Restate the records that follow word for word; no pictures should appear.

*Data under study*:
⁂
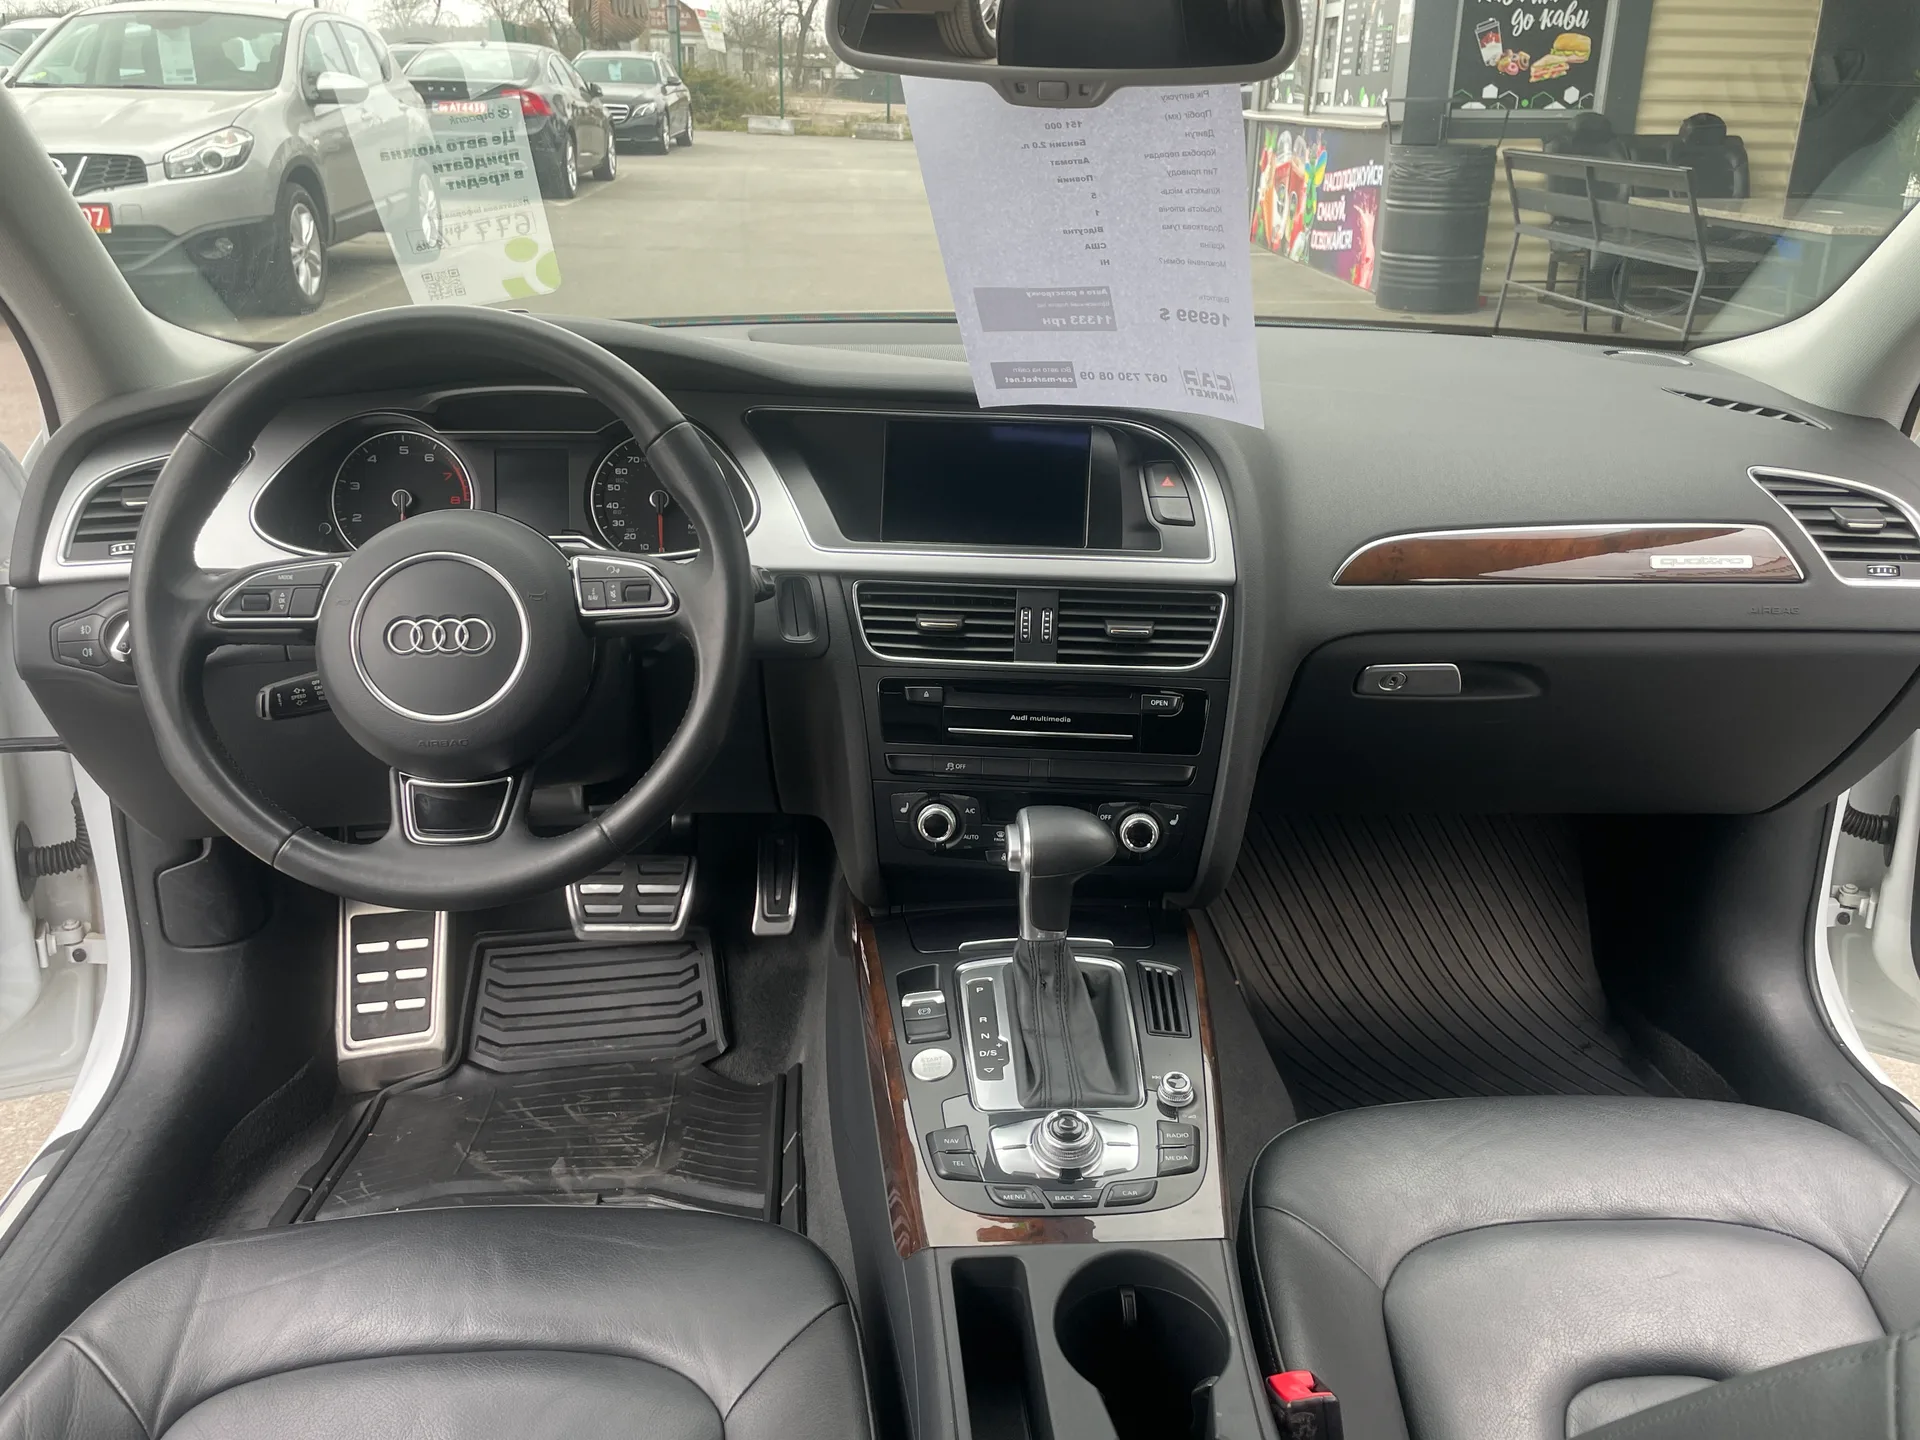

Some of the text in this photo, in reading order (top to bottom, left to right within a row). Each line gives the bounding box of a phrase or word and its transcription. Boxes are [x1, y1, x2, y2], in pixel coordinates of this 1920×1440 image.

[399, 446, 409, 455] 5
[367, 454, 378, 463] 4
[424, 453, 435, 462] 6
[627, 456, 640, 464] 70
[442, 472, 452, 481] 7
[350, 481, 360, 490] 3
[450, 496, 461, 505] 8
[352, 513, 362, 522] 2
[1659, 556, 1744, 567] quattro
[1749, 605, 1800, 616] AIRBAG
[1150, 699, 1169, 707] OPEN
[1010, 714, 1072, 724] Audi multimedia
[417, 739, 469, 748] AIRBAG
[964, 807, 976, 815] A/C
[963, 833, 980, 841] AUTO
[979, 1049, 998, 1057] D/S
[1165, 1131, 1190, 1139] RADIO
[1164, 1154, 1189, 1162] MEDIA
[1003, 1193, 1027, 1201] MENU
⁂
*Written reply*:
Some of the text in this photo, in reading order (top to bottom, left to right within a row). Each line gives the bounding box of a phrase or word and its transcription. Boxes are [x1, y1, x2, y2], in pixel coordinates of this 1920×1440 image.

[399, 446, 409, 455] 5
[367, 454, 378, 463] 4
[424, 453, 435, 462] 6
[627, 456, 640, 464] 70
[442, 472, 452, 481] 7
[350, 481, 360, 490] 3
[450, 496, 461, 505] 8
[352, 513, 362, 522] 2
[1659, 556, 1744, 567] quattro
[1749, 605, 1800, 616] AIRBAG
[1150, 699, 1169, 707] OPEN
[1010, 714, 1072, 724] Audi multimedia
[417, 739, 469, 748] AIRBAG
[964, 807, 976, 815] A/C
[963, 833, 980, 841] AUTO
[979, 1049, 998, 1057] D/S
[1165, 1131, 1190, 1139] RADIO
[1164, 1154, 1189, 1162] MEDIA
[1003, 1193, 1027, 1201] MENU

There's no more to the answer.